Gray reported for the Sunday Pictorial and the Sydney Daily Mirror from the British Mediterranean island of Malta during its two-year siege by Axis forces. He wanted to cover the North African campaign and lobbied friends—possibly including Lord Gort, the newly appointed governor of Malta, who had also commanded the army at Dunkirk—for passage to Egypt. Gray was successful in securing passage on HMS Urge, a Royal Navy submarine bound for Alexandria. The Royal Navy forbade the carrying of any civilians on submarines so Gray was present as an unofficial passenger. Before embarking he wrote to his wife, "I'm going away now on a trip which is dangerous. It's the last thing of its kind I shall ever do. I'm doing this for the children". Urge left Malta on 27 April but failed to reach Egypt.
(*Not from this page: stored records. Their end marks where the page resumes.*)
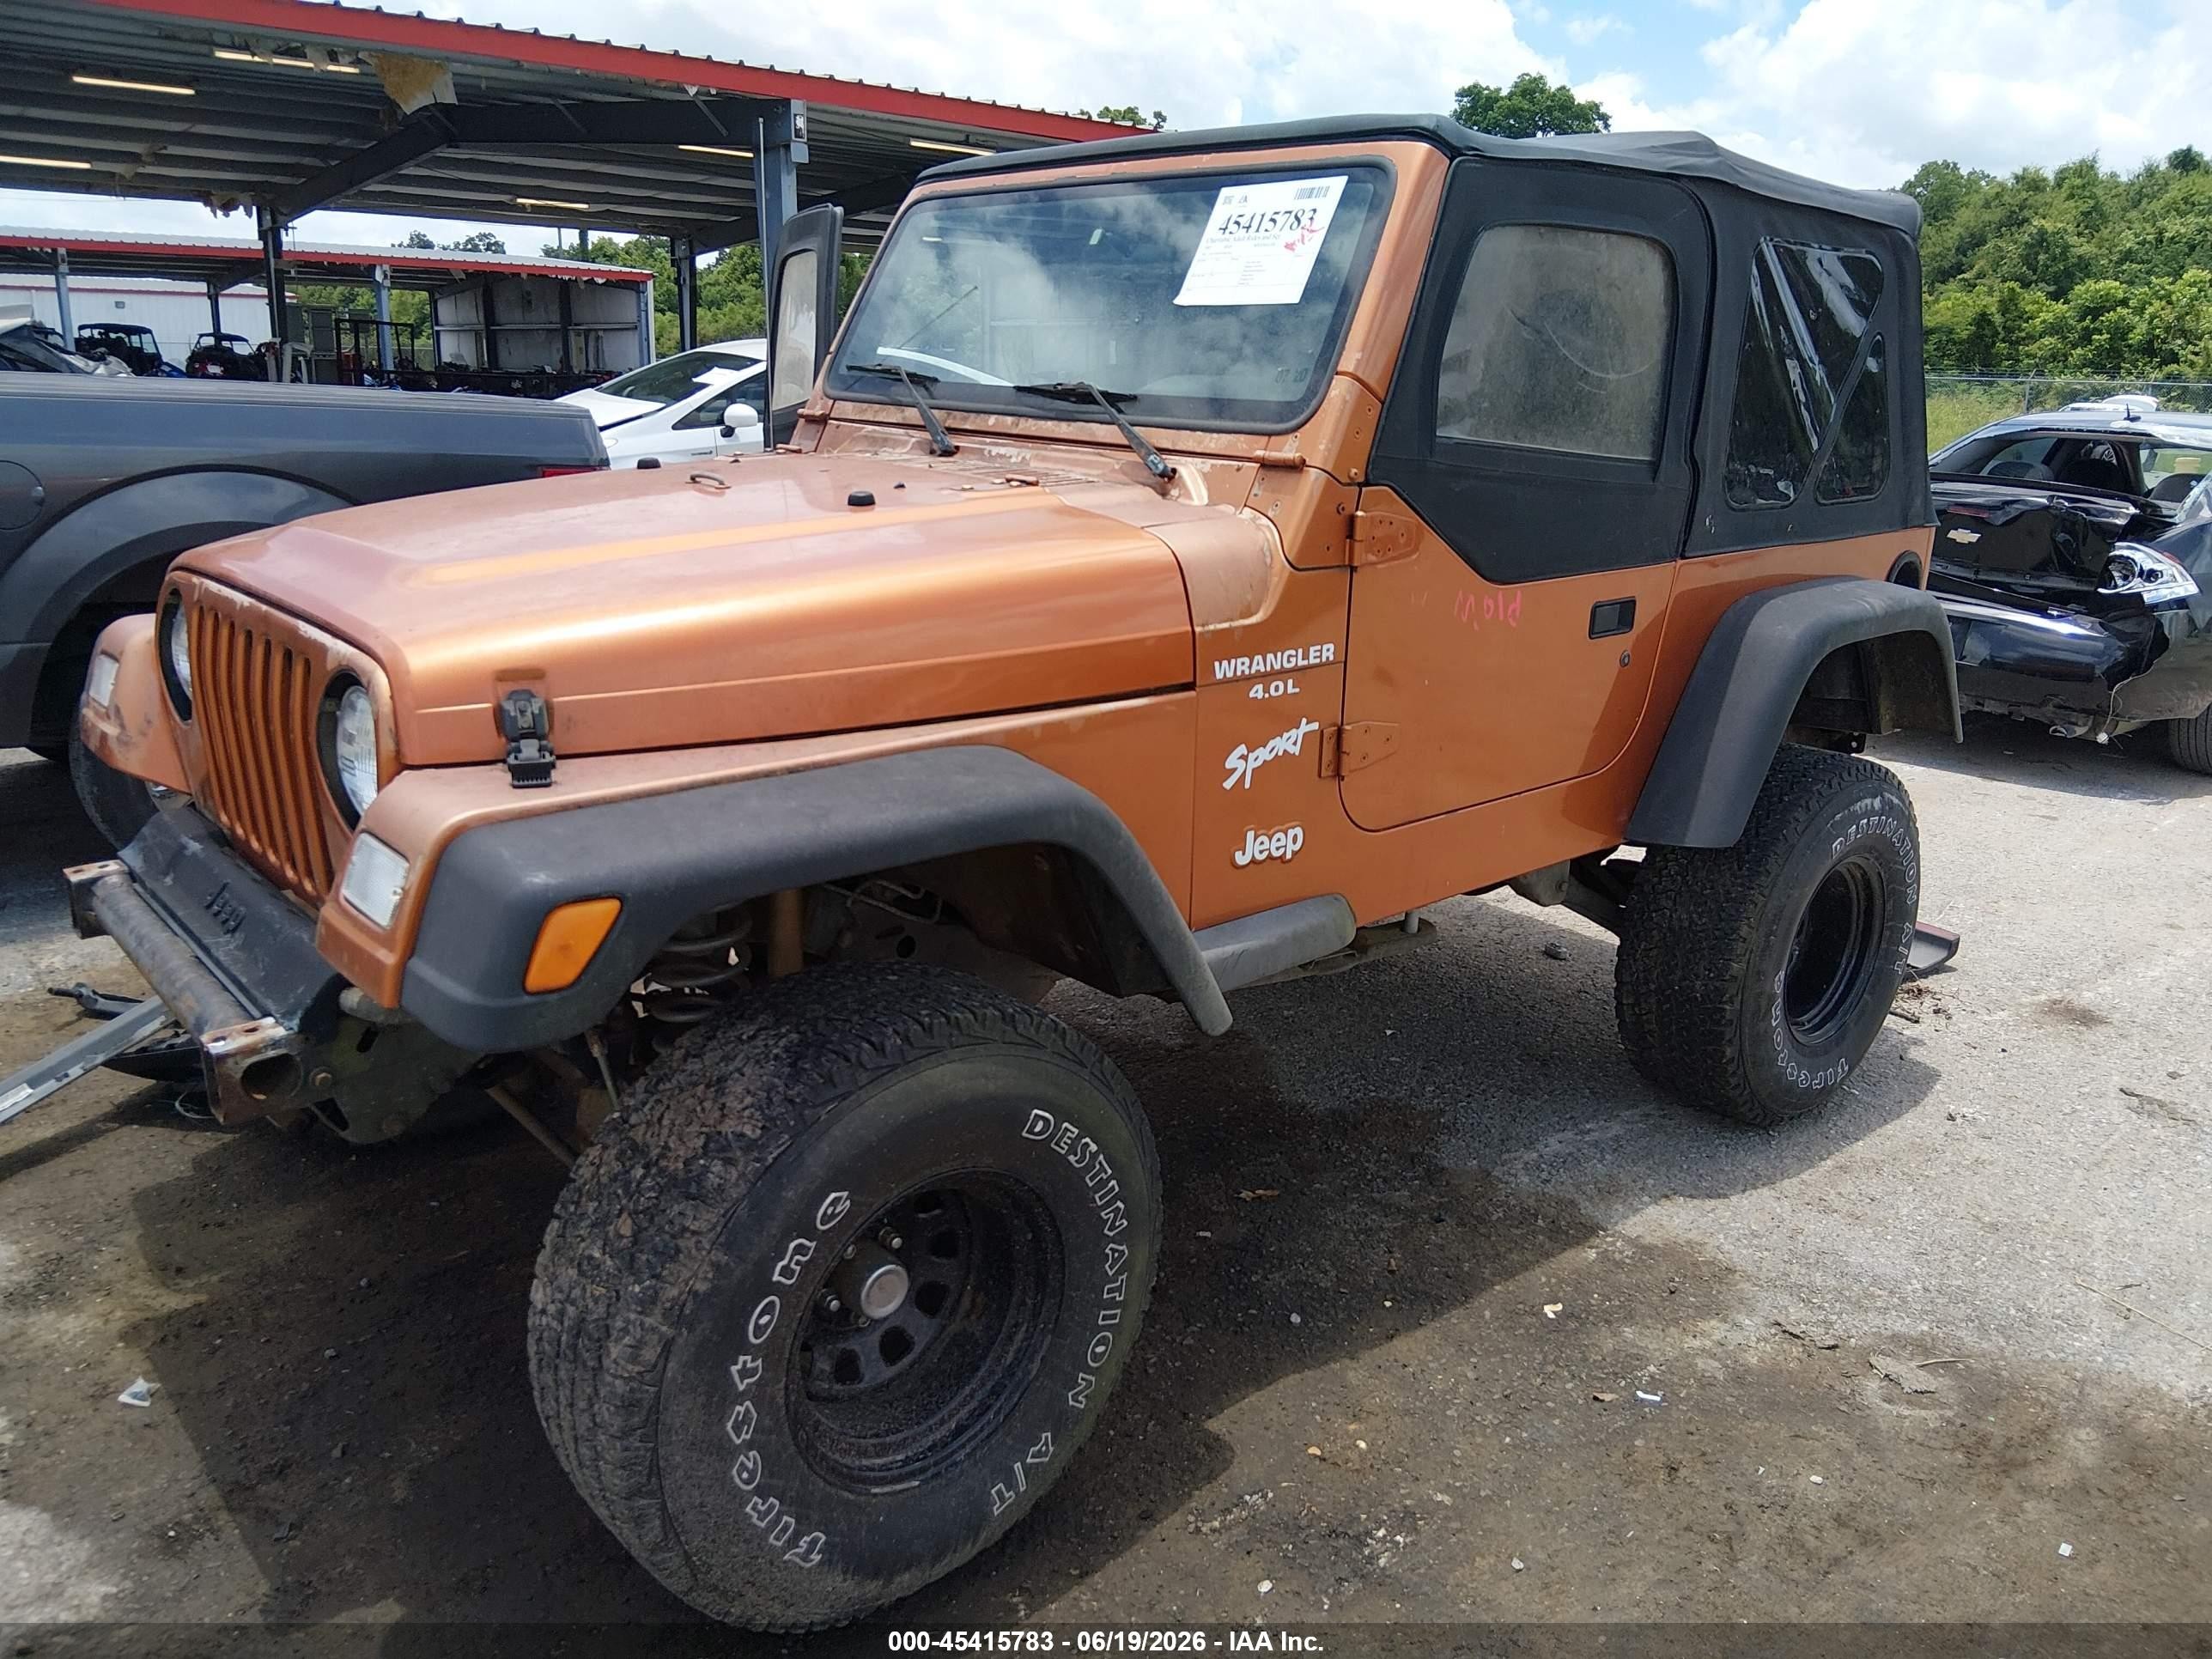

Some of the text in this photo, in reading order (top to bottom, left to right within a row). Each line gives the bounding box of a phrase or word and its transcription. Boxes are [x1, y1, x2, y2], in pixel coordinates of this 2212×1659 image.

[1218, 208, 1317, 235] 45415783
[1213, 643, 1334, 680] WRANGLER
[1249, 678, 1300, 700] 4.0L
[1234, 825, 1304, 866] Jeep
[1832, 815, 1918, 905] DESTINATION
[992, 1109, 1128, 1516] DESTINATION A/T
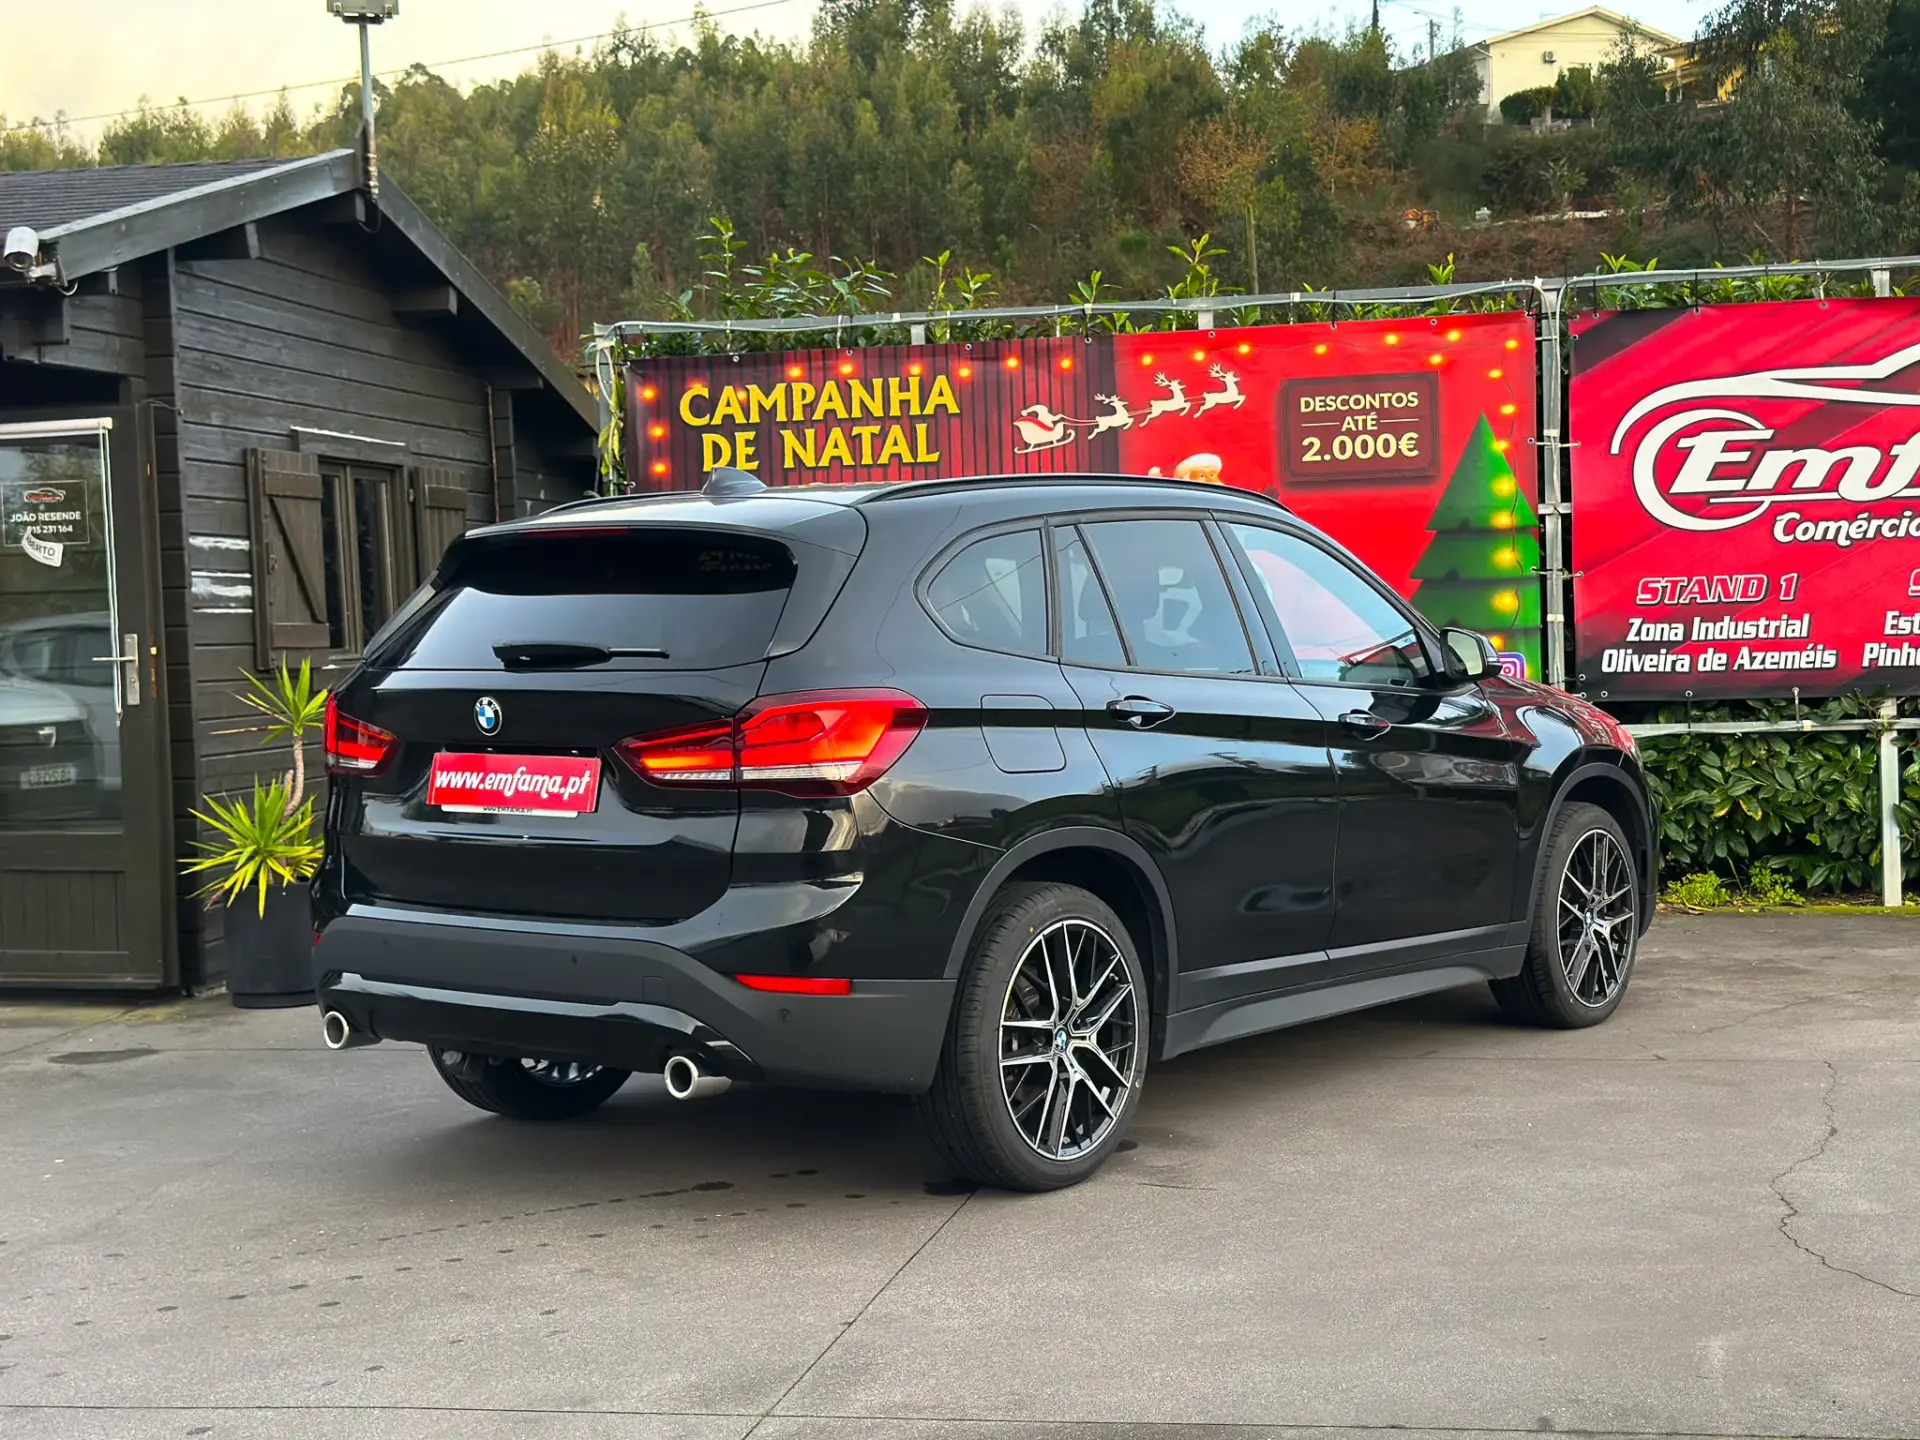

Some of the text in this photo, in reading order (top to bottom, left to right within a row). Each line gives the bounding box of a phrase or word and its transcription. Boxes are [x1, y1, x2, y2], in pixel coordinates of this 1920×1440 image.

Her wreckage was discovered in 2019 near to Malta; she likely struck a naval mine and sank with the loss of Gray and the 43 crew on board.

Because Gray's presence aboard Urge was unofficial he was initially recorded by the Royal Navy only as having gone missing after travelling to Egypt by an undisclosed submarine. His fate as a passenger on the vessel was only officially recorded in 2003 following an inquiry at the Royal Navy Submarine Museum in Gosport, Hampshire, and he was then added to the museum's record of submariner casualties. Gray is the only known unofficial passenger on a British Second World War submarine and the only journalist to die aboard a submarine in the war.